Disclaimer: This is not a brag post. I wanted to write this because there’s so much misinformation out there from “gurus” who don’t actually practice what they preach. After a few of my recent posts, many people reached out asking for more help, and I noticed the same questions kept coming up. I'm sharing my thoughts in one place to give newer founders a clearer, more honest perspective on what it takes to build a brand on Amazon. Take what’s useful, leave what’s not, and always think for yourself. I hope that they help another new founder save time, avoid a few mistakes, and see the game a little more clearly.
If I had only seen Amazon as a place to sell products, I probably would not have been able to build and exit multi-7-figure brands across Amazon and Shopify today.
One of the biggest lessons I learned from my mentor is this:
Amazon is not the final destination; it’s the launchpad.
The longer I’ve stayed in this game, the more I’ve realized how true that is. Amazon is simply too big of a machine to ignore. According to recent Similarweb traffic data, Amazon.com saw around 2.3 billion visits.
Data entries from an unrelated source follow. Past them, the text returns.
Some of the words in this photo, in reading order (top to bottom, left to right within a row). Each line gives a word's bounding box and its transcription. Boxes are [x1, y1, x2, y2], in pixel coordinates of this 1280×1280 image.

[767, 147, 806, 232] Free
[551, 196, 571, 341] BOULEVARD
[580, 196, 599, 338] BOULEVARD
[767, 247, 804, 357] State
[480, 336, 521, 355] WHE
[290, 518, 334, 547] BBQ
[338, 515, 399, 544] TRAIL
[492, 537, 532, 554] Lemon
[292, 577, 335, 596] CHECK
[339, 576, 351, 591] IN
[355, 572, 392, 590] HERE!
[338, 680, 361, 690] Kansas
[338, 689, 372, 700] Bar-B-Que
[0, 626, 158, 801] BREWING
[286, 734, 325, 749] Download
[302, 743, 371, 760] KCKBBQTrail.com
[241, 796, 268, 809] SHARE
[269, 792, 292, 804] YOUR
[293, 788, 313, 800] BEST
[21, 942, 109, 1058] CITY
From a revenue standpoint, Amazon generated $638 billion in net sales in 2024, up 11% year over year. On top of that, more than 60% of sales in Amazon’s store come from independent sellers, which means third-party sellers like us still make up the majority of transactions on the platform. (Similarweb)
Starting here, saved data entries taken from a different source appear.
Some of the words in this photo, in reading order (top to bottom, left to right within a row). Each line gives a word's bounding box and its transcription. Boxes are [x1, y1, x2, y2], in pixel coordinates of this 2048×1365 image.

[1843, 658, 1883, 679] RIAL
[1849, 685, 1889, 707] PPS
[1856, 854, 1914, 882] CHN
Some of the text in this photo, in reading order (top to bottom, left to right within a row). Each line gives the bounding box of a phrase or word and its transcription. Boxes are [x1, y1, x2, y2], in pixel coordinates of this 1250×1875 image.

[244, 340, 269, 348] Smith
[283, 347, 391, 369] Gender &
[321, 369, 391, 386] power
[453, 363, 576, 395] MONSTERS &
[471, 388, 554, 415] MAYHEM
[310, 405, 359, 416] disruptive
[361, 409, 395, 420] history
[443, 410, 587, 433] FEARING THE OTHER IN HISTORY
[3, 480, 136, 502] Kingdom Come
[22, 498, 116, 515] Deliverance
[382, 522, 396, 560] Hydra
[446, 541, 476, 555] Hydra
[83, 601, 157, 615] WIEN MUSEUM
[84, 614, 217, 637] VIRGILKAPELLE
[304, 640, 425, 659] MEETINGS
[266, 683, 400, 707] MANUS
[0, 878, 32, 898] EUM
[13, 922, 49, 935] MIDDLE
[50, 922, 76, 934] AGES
That tells me something very clearly:
The traffic is real. The buyers are real. The opportunity is real.
But my mentor also helped me understand something deeper:
The opportunity is not in depending on Amazon forever.
The real opportunity is in using Amazon to launch, validate, acquire customers, and then build a deeper brand ecosystem that you actually own.
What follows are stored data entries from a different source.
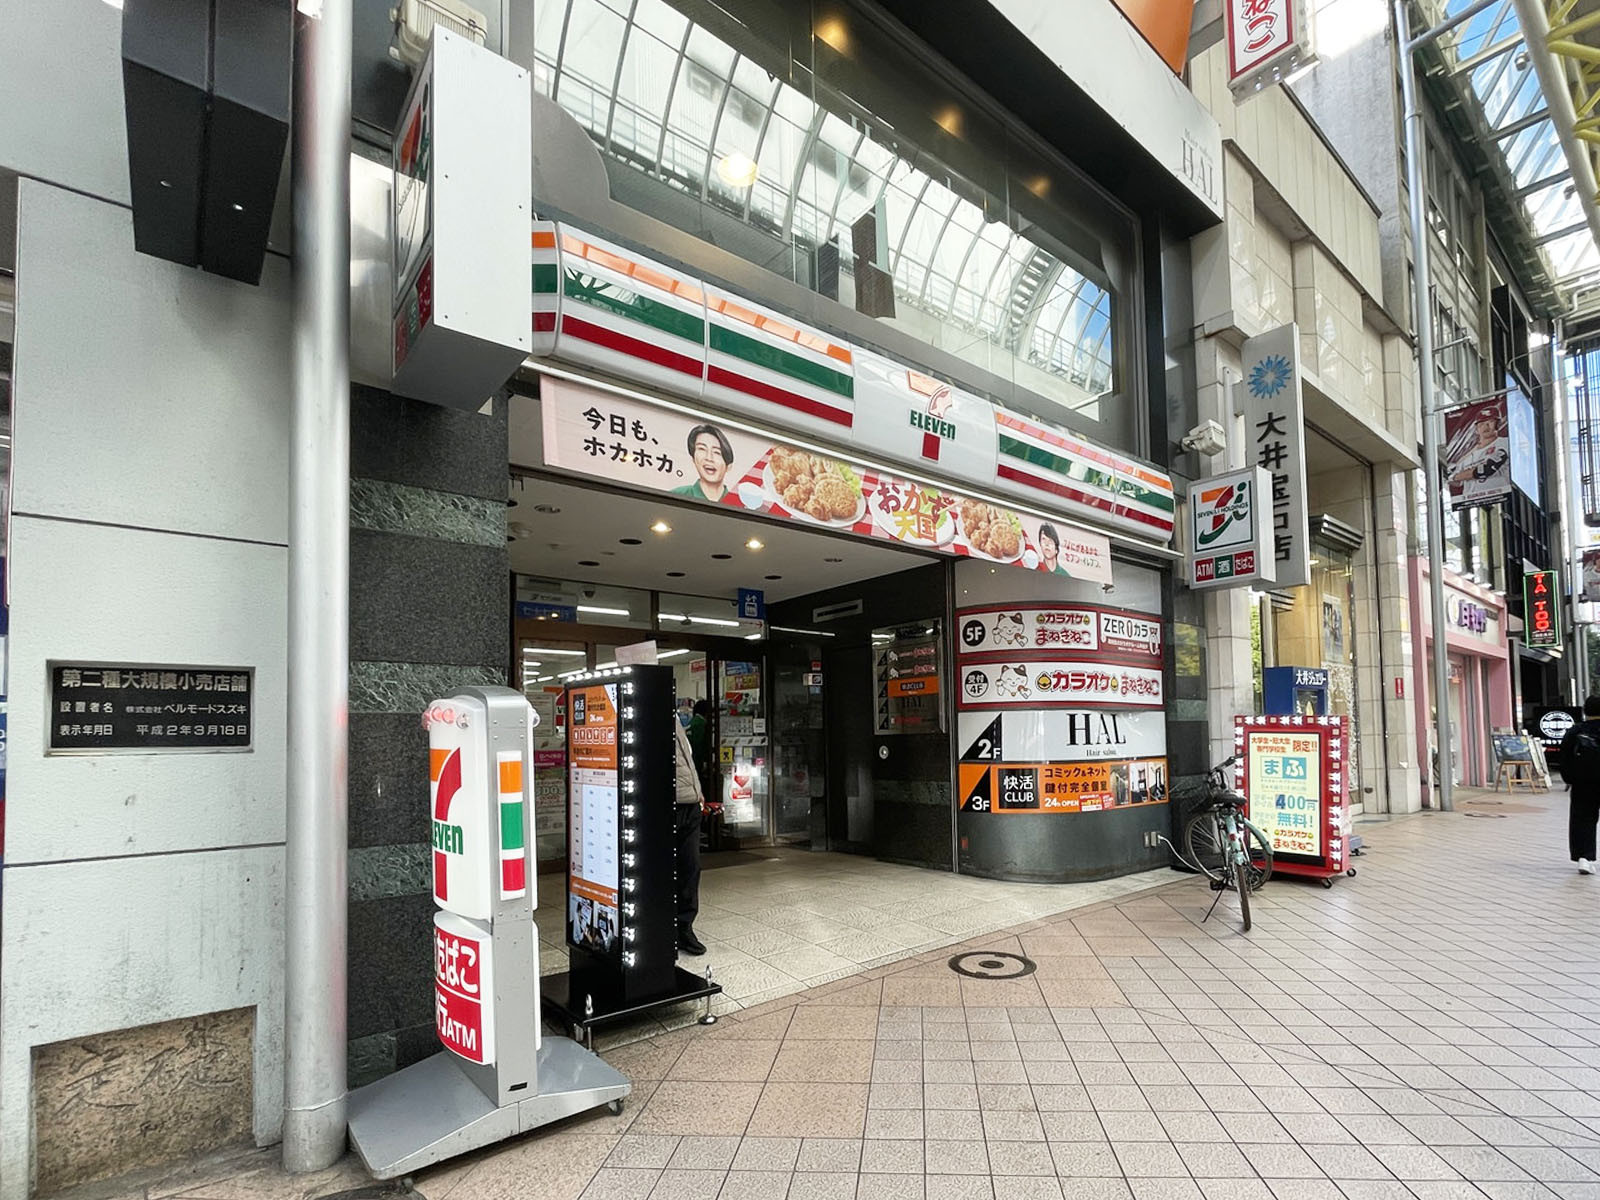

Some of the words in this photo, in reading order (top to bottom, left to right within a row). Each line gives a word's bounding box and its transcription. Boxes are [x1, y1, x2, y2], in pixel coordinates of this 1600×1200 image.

[1181, 136, 1218, 206] HAL
[582, 406, 660, 445] 今日も、
[583, 436, 685, 478] ホカホカ。
[892, 509, 939, 542] 天国
[1196, 560, 1213, 578] ATM
[1217, 559, 1231, 575] 酒
[1235, 556, 1255, 573] たばこ
[1045, 613, 1083, 624] カラオケ
[966, 624, 983, 642] 5F
[1035, 627, 1092, 646] まねきねこ
[62, 669, 248, 692] 第二種大規模小売店舗
[967, 674, 985, 684] 受付
[1052, 671, 1110, 691] カラオケ
[1120, 673, 1160, 696] まねきねこ
[1295, 670, 1326, 687] 大井ジュエリー
[969, 684, 984, 694] 4F
[60, 701, 113, 713] 設置者名
[59, 724, 113, 736] 表示年月日
[136, 724, 247, 736] 平成2年3月18日
[1066, 713, 1127, 746] HAL
[977, 738, 1002, 760] 2F
[1086, 749, 1101, 757] Hair
[1045, 766, 1107, 778] コミック&ネット
[1264, 759, 1305, 777] まふ
[1003, 775, 1034, 790] 快活
[972, 796, 990, 811] 3F
[1004, 791, 1035, 803] CLUB
[1062, 799, 1080, 807] OPEN
[1277, 812, 1313, 828] 無料!
[1280, 830, 1308, 838] カラオケ
[1273, 838, 1315, 852] まねきねこ
Marketplace Pulse reported that in Q4 2024, third-party sellers accounted for 62% of units sold on Amazon. At the same time, services for third-party sellers generated $156.1 billion in 2024, and Amazon’s advertising business reached $56.2 billion.
In other words, Amazon is becoming more and more like a massive infrastructure platform for sellers, brands, ads, logistics, and data, not just a simple e-commerce website. (Marketplace Pulse)
Today, I want to share the 5 biggest lessons I learned from my mentor; lessons that changed how I look at Amazon, how I build business, and most importantly, how I think like a brand builder, not just a seller.

The first lesson, and probably the most important one, is this:
Do not treat Amazon as your entire business.
Amazon is too powerful to ignore. It has massive traffic, high buyer intent, and built-in trust. That is exactly why it is such a strong place to launch products quickly, validate demand, collect reviews, gather data, and generate early sales.
In fact, Amazon reported that U.S.-based independent sellers averaged over $290,000 in sales in 2024, and more than 55,000 sellers generated over $1 million in annual sales. (sellerreports.aboutamazon.com)
But if you only live on Amazon, you are building your house on rented land.
You do not own the traffic. You do not control the rules. And you do not truly own the customer relationship.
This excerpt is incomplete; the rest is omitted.